━━ Materials provided ━━

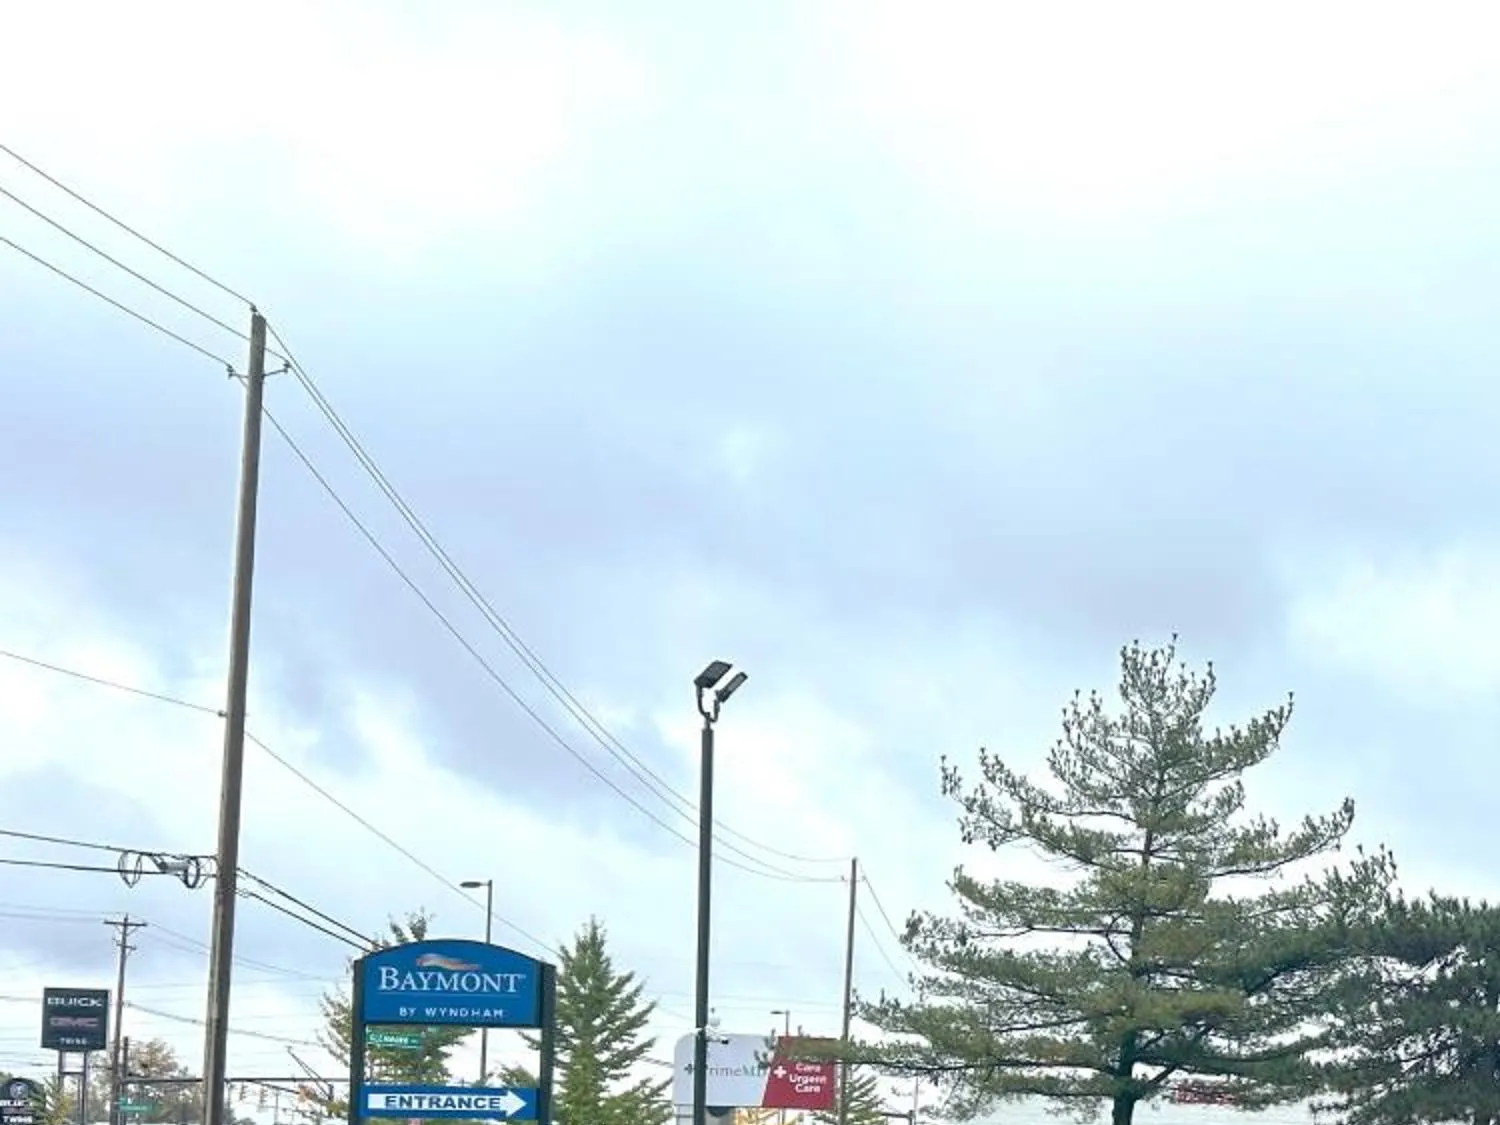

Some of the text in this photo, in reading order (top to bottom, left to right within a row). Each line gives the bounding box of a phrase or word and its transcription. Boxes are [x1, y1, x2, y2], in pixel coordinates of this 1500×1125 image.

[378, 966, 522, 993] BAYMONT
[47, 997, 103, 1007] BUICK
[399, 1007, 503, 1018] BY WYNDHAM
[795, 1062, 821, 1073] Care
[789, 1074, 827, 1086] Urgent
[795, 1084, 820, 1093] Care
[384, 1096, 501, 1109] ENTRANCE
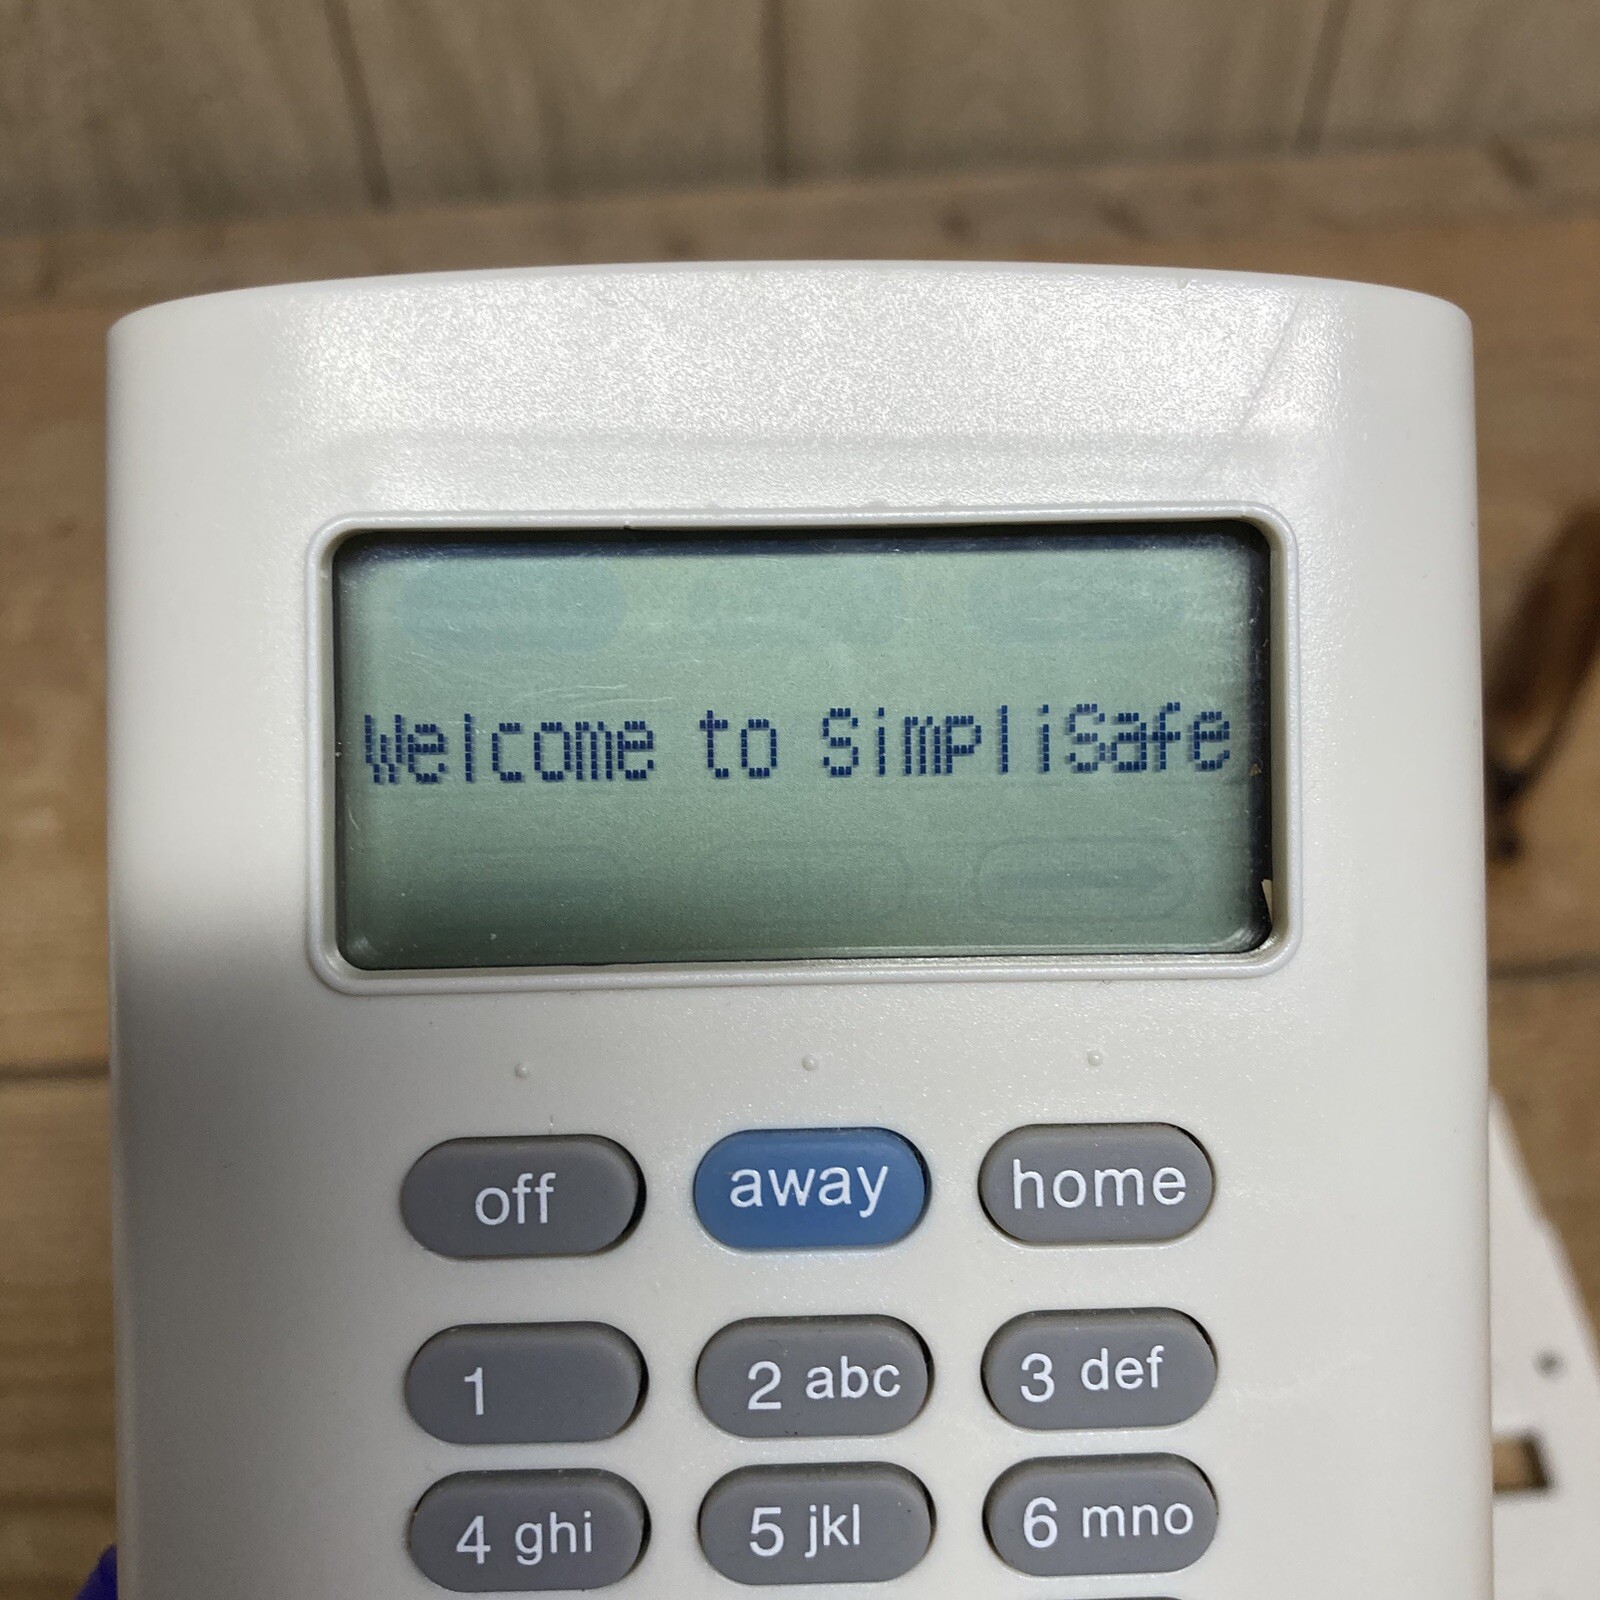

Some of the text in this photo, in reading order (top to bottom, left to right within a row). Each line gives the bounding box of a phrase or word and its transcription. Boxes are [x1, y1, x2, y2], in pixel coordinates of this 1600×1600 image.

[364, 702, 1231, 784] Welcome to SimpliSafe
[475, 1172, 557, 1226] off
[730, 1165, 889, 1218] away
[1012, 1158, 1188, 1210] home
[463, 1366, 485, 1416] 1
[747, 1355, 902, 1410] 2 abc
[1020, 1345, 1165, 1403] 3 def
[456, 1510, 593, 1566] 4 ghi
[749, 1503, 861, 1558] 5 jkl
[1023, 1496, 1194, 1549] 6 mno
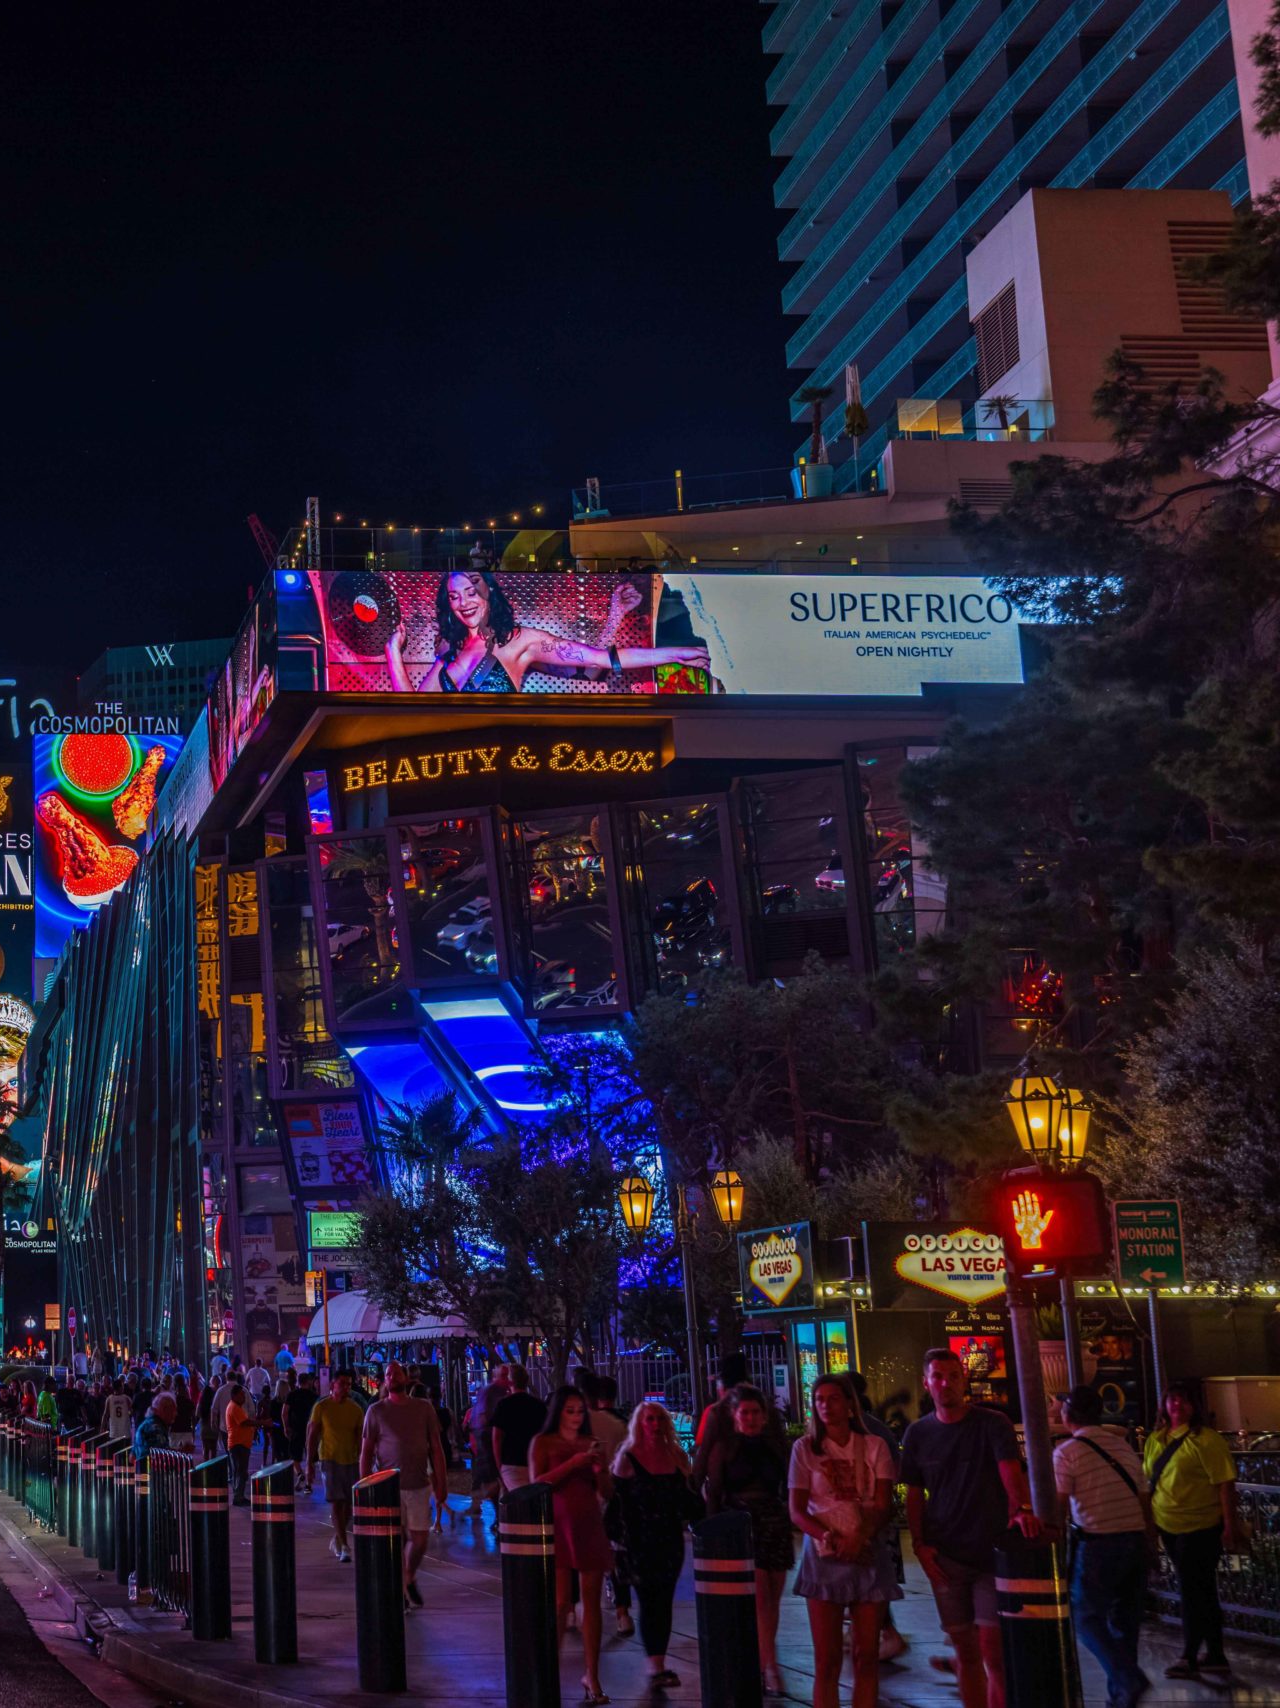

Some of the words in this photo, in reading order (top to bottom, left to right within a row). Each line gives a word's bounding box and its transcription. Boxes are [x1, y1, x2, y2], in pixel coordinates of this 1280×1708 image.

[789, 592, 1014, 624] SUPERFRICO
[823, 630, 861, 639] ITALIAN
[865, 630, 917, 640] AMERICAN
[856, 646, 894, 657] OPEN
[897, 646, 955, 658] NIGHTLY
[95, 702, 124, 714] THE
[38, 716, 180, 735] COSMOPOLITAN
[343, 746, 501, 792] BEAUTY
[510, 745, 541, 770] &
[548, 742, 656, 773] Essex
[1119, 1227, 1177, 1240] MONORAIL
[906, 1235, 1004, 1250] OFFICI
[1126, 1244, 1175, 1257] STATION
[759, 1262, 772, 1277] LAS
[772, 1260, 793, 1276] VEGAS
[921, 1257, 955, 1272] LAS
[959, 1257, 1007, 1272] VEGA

━━━

What is being asked: With the images removed, give back every entry exactly as shown.

Solution to this exercise:
Some of the text in this photo, in reading order (top to bottom, left to right within a row). Each line gives the bounding box of a phrase or word and its transcription. Boxes are [x1, y1, x2, y2], in pixel coordinates of this 1500×1125 image.

[378, 966, 522, 993] BAYMONT
[47, 997, 103, 1007] BUICK
[399, 1007, 503, 1018] BY WYNDHAM
[795, 1062, 821, 1073] Care
[789, 1074, 827, 1086] Urgent
[795, 1084, 820, 1093] Care
[384, 1096, 501, 1109] ENTRANCE

Some of the text in this photo, in reading order (top to bottom, left to right within a row). Each line gives the bounding box of a phrase or word and its transcription. Boxes are [x1, y1, x2, y2], in pixel coordinates of this 1600×1600 image.

[364, 702, 1231, 784] Welcome to SimpliSafe
[475, 1172, 557, 1226] off
[730, 1165, 889, 1218] away
[1012, 1158, 1188, 1210] home
[463, 1366, 485, 1416] 1
[747, 1355, 902, 1410] 2 abc
[1020, 1345, 1165, 1403] 3 def
[456, 1510, 593, 1566] 4 ghi
[749, 1503, 861, 1558] 5 jkl
[1023, 1496, 1194, 1549] 6 mno

Some of the words in this photo, in reading order (top to bottom, left to right within a row). Each line gives a word's bounding box and its transcription. Boxes are [x1, y1, x2, y2], in pixel coordinates of this 1280×1708 image.

[789, 592, 1014, 624] SUPERFRICO
[823, 630, 861, 639] ITALIAN
[865, 630, 917, 640] AMERICAN
[856, 646, 894, 657] OPEN
[897, 646, 955, 658] NIGHTLY
[95, 702, 124, 714] THE
[38, 716, 180, 735] COSMOPOLITAN
[343, 746, 501, 792] BEAUTY
[510, 745, 541, 770] &
[548, 742, 656, 773] Essex
[1119, 1227, 1177, 1240] MONORAIL
[906, 1235, 1004, 1250] OFFICI
[1126, 1244, 1175, 1257] STATION
[759, 1262, 772, 1277] LAS
[772, 1260, 793, 1276] VEGAS
[921, 1257, 955, 1272] LAS
[959, 1257, 1007, 1272] VEGA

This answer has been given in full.